Under the deal, the EU will phase out a tariff on Japanese passenger cars over 7 years. They will do the same for sake, or rice wine, immediately.
Japan will create a quota for European soft cheeses and remove duties over 15 years. Both sides will abolish tariffs on wine from the start.
Both Japan and the EU will need the approval of their parliaments to put the trade deal into effect. Sources say it will probably take around 2 years for that to happen.
NHK World's Ramin Mellegard spoke with NHK World's economics correspondent Akiko Tokunaga about the agreement. She first explained how the two sides managed to strike a deal now after years of tough negotiations.
Tokunaga: One major reason is that Japan and the EU together wanted to send a clear and powerful signal against protectionism, just ahead of the G20 summit.
Officials started negotiations in 2013m but hit a deadlock. They could not bridge their differences over farm products and automobiles.
But the talks accelerated after US President Donald Trump took office. Japan became more eager to seal a pact after Trump pulled the US out of the Trans-Pacific Partnership free-trade deal.
Prime Minister Abe also had a political stake in clinching an early agreement. His cabinet approval rate has been dropping. He wanted to show the public that his diplomatic and economic policies are bearing fruit.
For the EU, the deal would be one way of showing off the benefits of the bloc, with Brexit casting a shadow over its unity.
Mellegard:Prime Minister Abe has said the EPA is an important part of his growth strategy. What are the merits and the challenges for Japan, going forward?
Tokunaga: One group cheering the agreement is the auto industry. The deal will level the playing field with South Korean cars. Japanese autos are at a disadvantage in the European market, as the EU already has an FTA with South Korea.
Japan's sake and green-tea producers are also hoping for an increase in exports.
What's more, the agreement with the EU can help leverage negotiations in Japan's other trade deals.
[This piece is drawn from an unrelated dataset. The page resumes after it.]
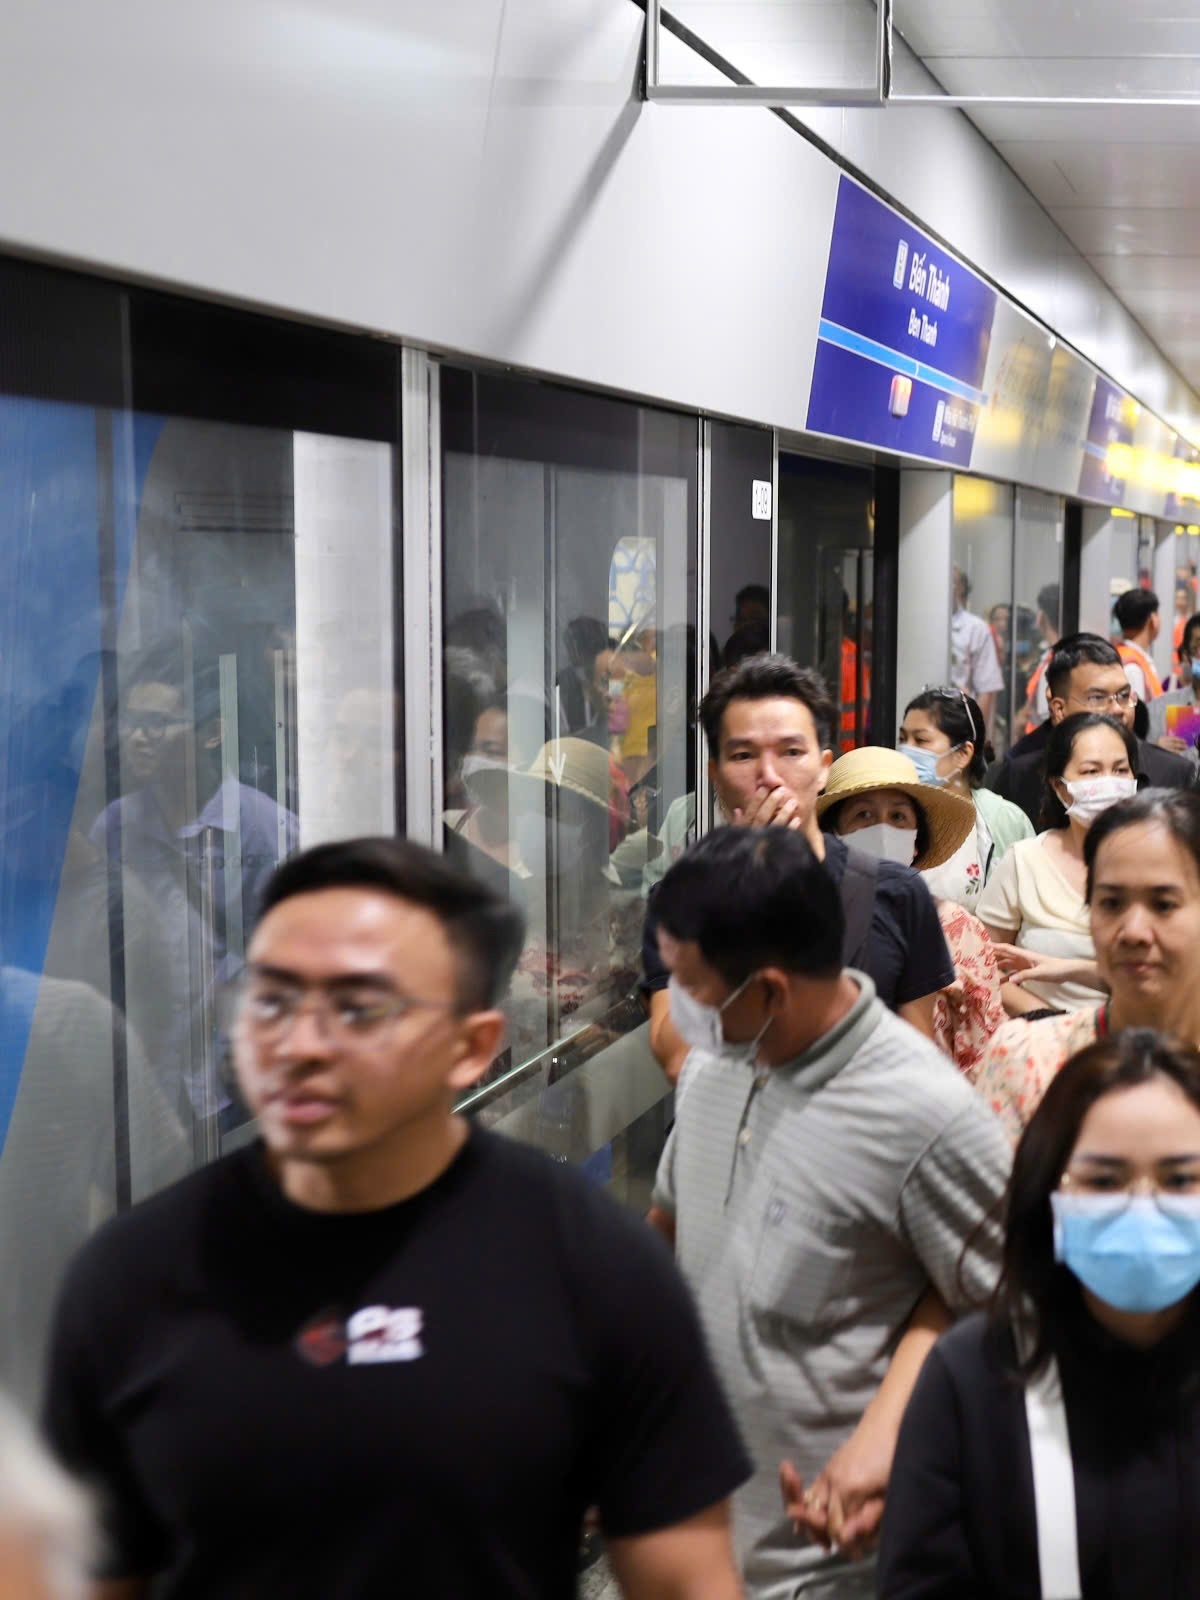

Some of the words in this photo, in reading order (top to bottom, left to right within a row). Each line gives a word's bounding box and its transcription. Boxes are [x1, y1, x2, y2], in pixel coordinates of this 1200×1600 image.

[908, 251, 927, 297] Bến
[926, 263, 950, 312] Thành
[907, 307, 921, 339] Ben
[920, 313, 938, 347] Thanh
An expert has told me that government officials would likely use the EU deal to advance talks on the TPP. They will try to persuade countries that are reluctant to go ahead with the TPP without the US, and in the end, get the Americans back on board.
The EPA could help Japan in this quest as Washington would be pressured from some powerful lobbies such as pork producers seeking more access to the Japanese market.
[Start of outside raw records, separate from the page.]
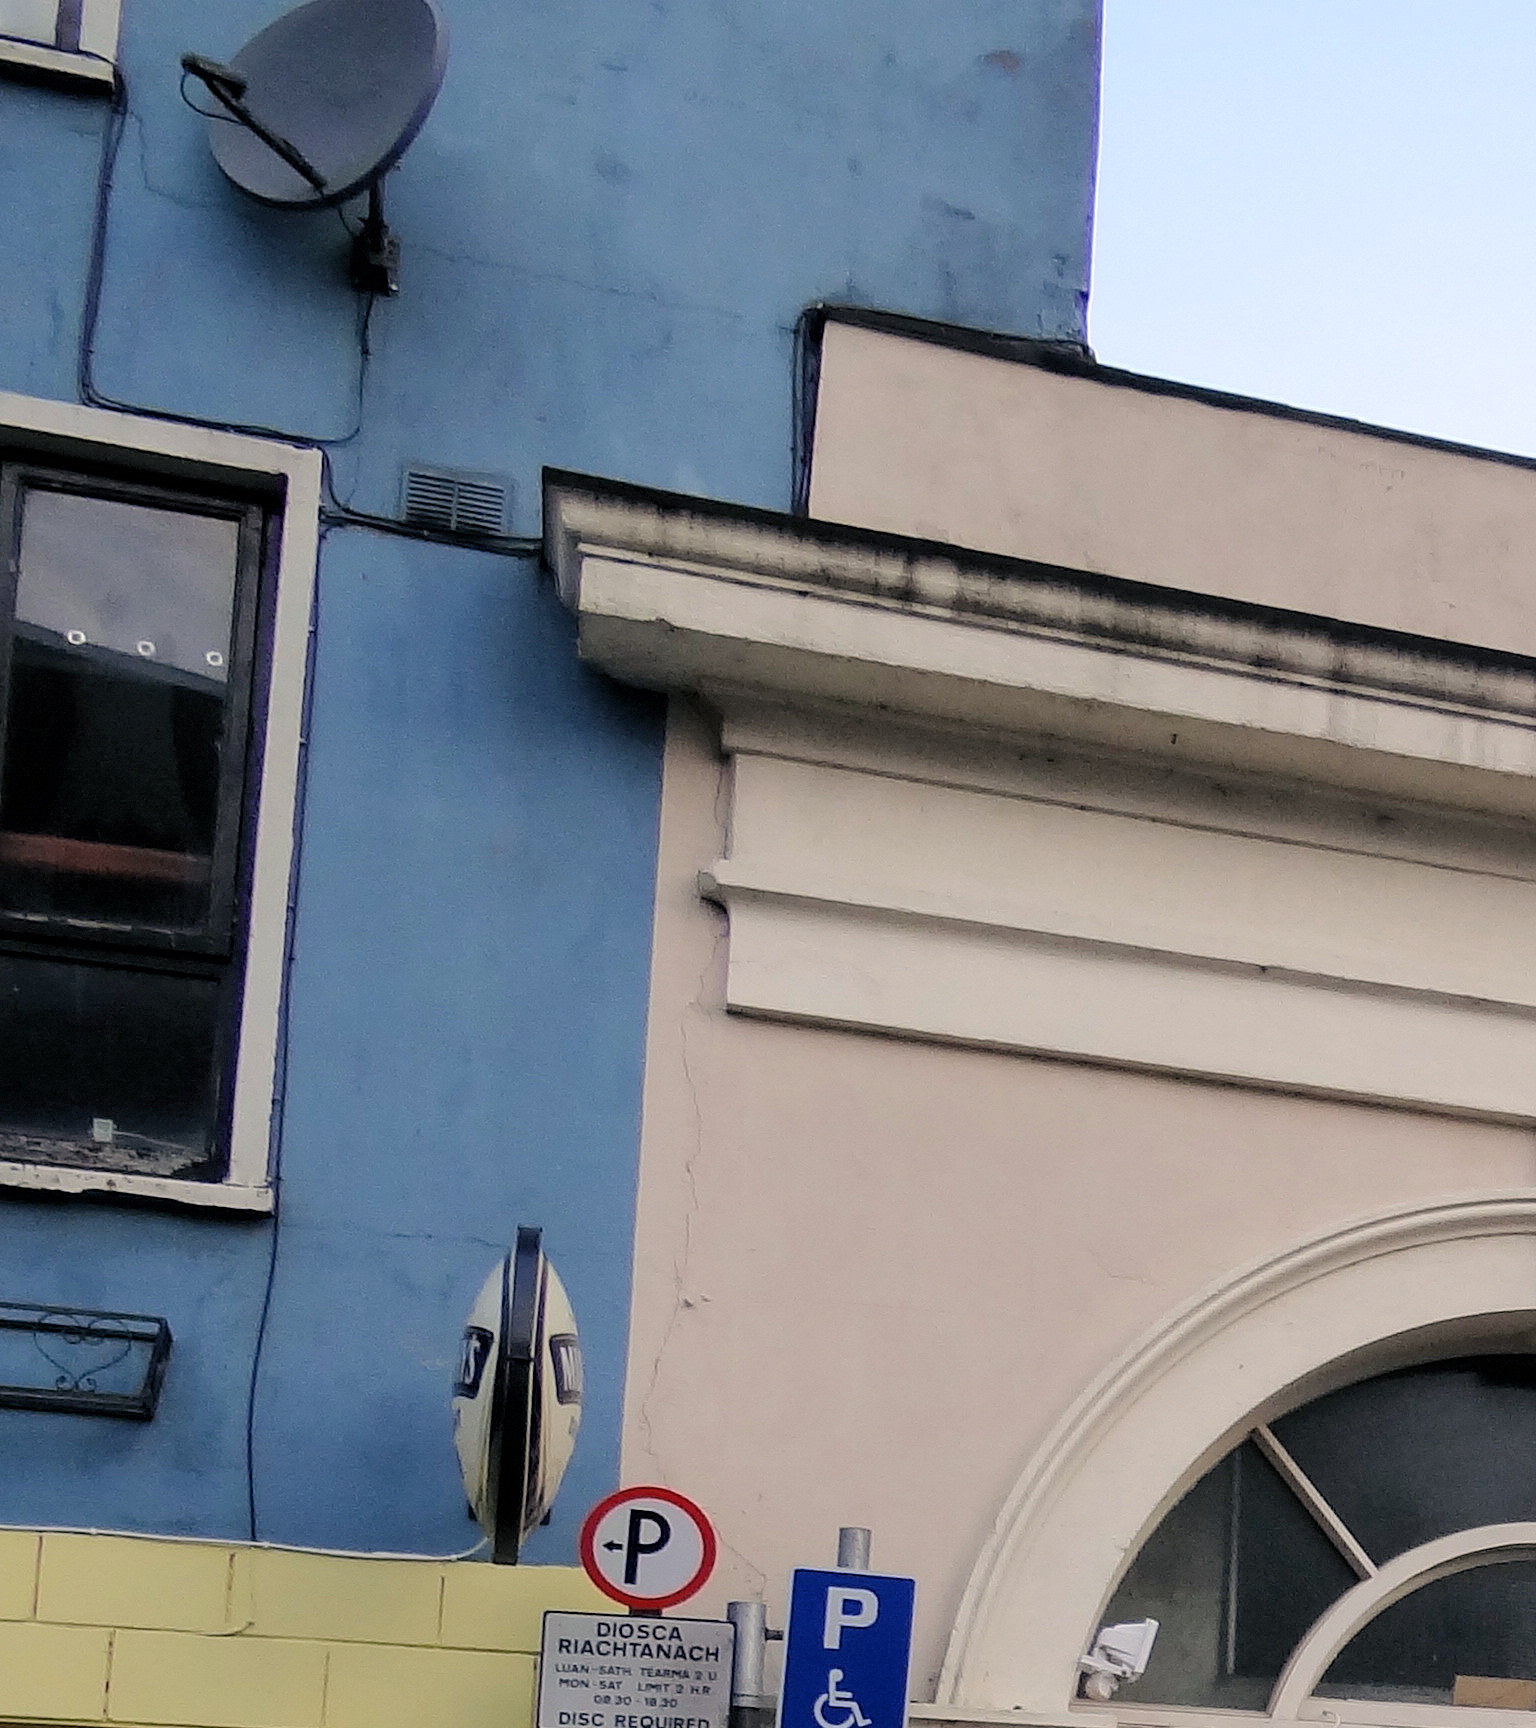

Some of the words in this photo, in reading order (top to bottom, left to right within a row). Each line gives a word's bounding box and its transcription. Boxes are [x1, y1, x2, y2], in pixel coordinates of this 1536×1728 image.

[623, 1508, 671, 1585] P
[823, 1586, 880, 1650] P
[597, 1622, 683, 1643] DIOSCA
[558, 1638, 720, 1663] RIACHTANACH
[558, 1711, 605, 1728] DISC
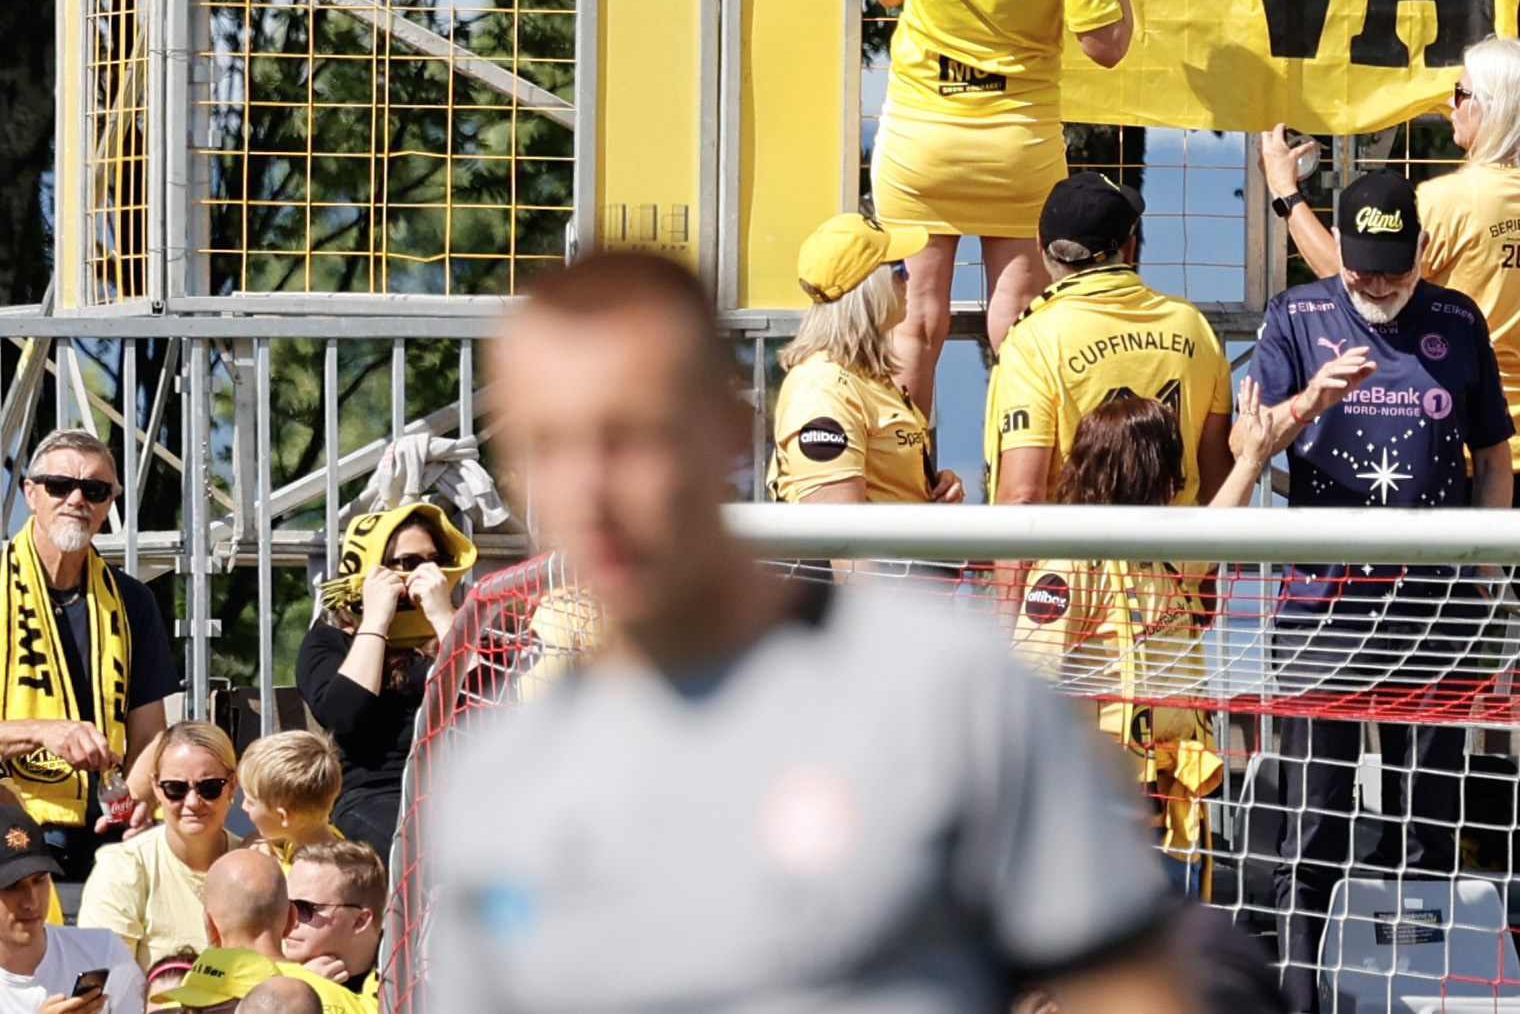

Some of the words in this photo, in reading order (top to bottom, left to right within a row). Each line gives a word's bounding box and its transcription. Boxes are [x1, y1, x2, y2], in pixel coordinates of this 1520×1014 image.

[1356, 206, 1404, 234] Glimt
[1298, 301, 1335, 313] Elkem
[1443, 303, 1475, 324] Elkem
[1068, 331, 1196, 374] CUPFINALEN
[1342, 387, 1420, 405] areBank
[1343, 404, 1421, 417] NORD-NORGE
[800, 429, 846, 444] altibox
For that scenario to move forward, Japan would need to put the EPA into effect as soon as possible.
A broad deal on an Economic Partnership Agreement between Japan and the EU has given new hope to one group of Japanese farmers. The deal means that the EU may ease restrictions on food imports from Fukushima Prefecture. The bloc has required stringent safety checks on food from the region since the 2011 nuclear disaster.
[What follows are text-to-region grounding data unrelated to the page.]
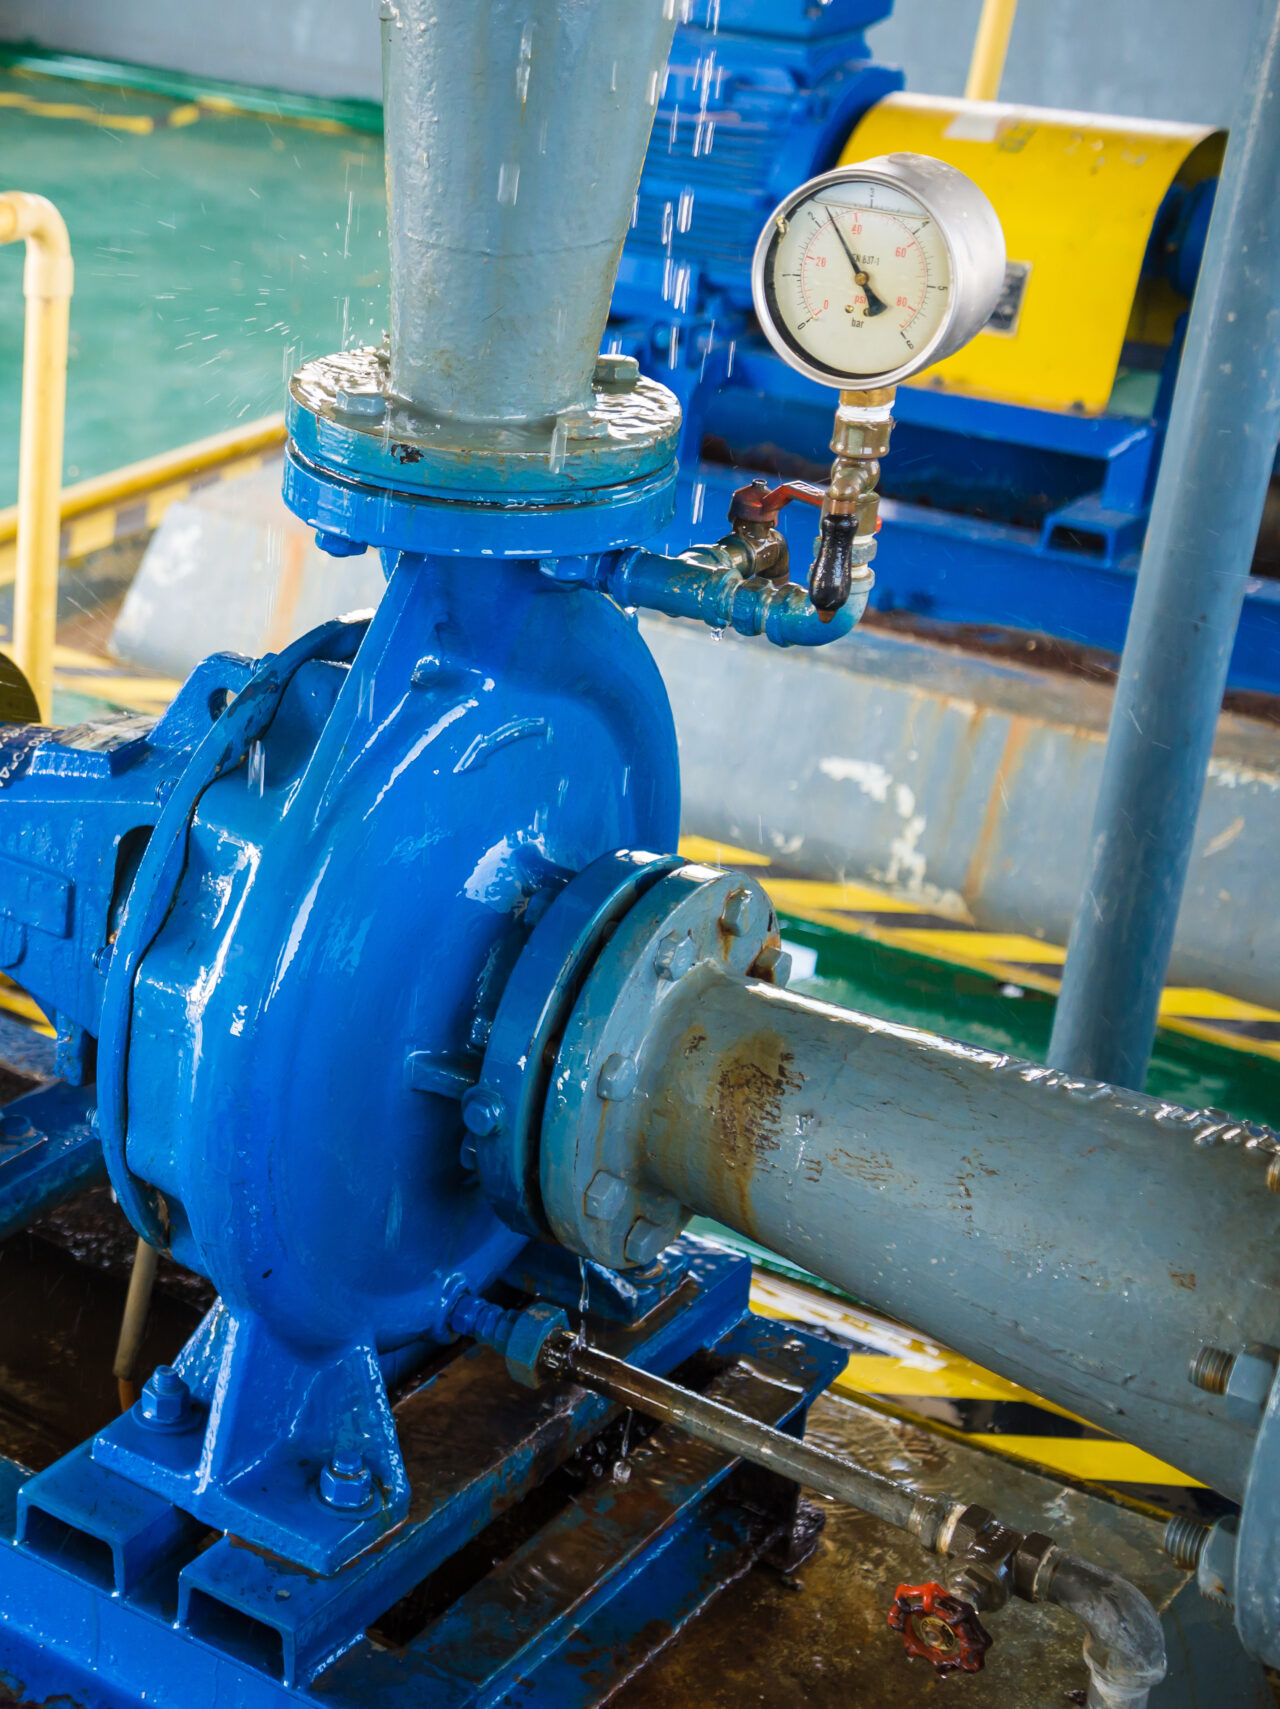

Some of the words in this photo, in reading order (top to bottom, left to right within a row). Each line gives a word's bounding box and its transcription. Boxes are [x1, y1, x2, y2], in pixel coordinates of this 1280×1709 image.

[807, 211, 817, 221] 2
[851, 224, 862, 235] 40
[895, 247, 907, 258] 60
[823, 300, 829, 310] 0
[896, 296, 908, 307] 80
[797, 322, 806, 331] 0
[851, 318, 864, 328] bar
European Commission President Jean-Claude Juncker referred to the restrictions on rice and other food imports from Fukushima.
"I would like to congratulate Prime Minister Abe on the remarkable progress Japan has made on making products from the Fukushima region safe, following the 2011 accident," he said.
Juncker also said he is confident and will work for the EU to further lift the import measures.